> **Data provided**:
Start of Block

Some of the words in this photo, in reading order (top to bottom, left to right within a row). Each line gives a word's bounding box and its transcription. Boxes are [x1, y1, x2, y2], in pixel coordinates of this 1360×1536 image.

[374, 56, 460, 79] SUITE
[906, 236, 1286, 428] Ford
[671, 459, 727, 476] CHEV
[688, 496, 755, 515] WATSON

End of Block

> **Work to complete**: Write each line of the data down again exactly as it reads.

> **Output for this task**:
Some of the words in this photo, in reading order (top to bottom, left to right within a row). Each line gives a word's bounding box and its transcription. Boxes are [x1, y1, x2, y2], in pixel coordinates of this 1360×1536 image.

[374, 56, 460, 79] SUITE
[906, 236, 1286, 428] Ford
[671, 459, 727, 476] CHEV
[688, 496, 755, 515] WATSON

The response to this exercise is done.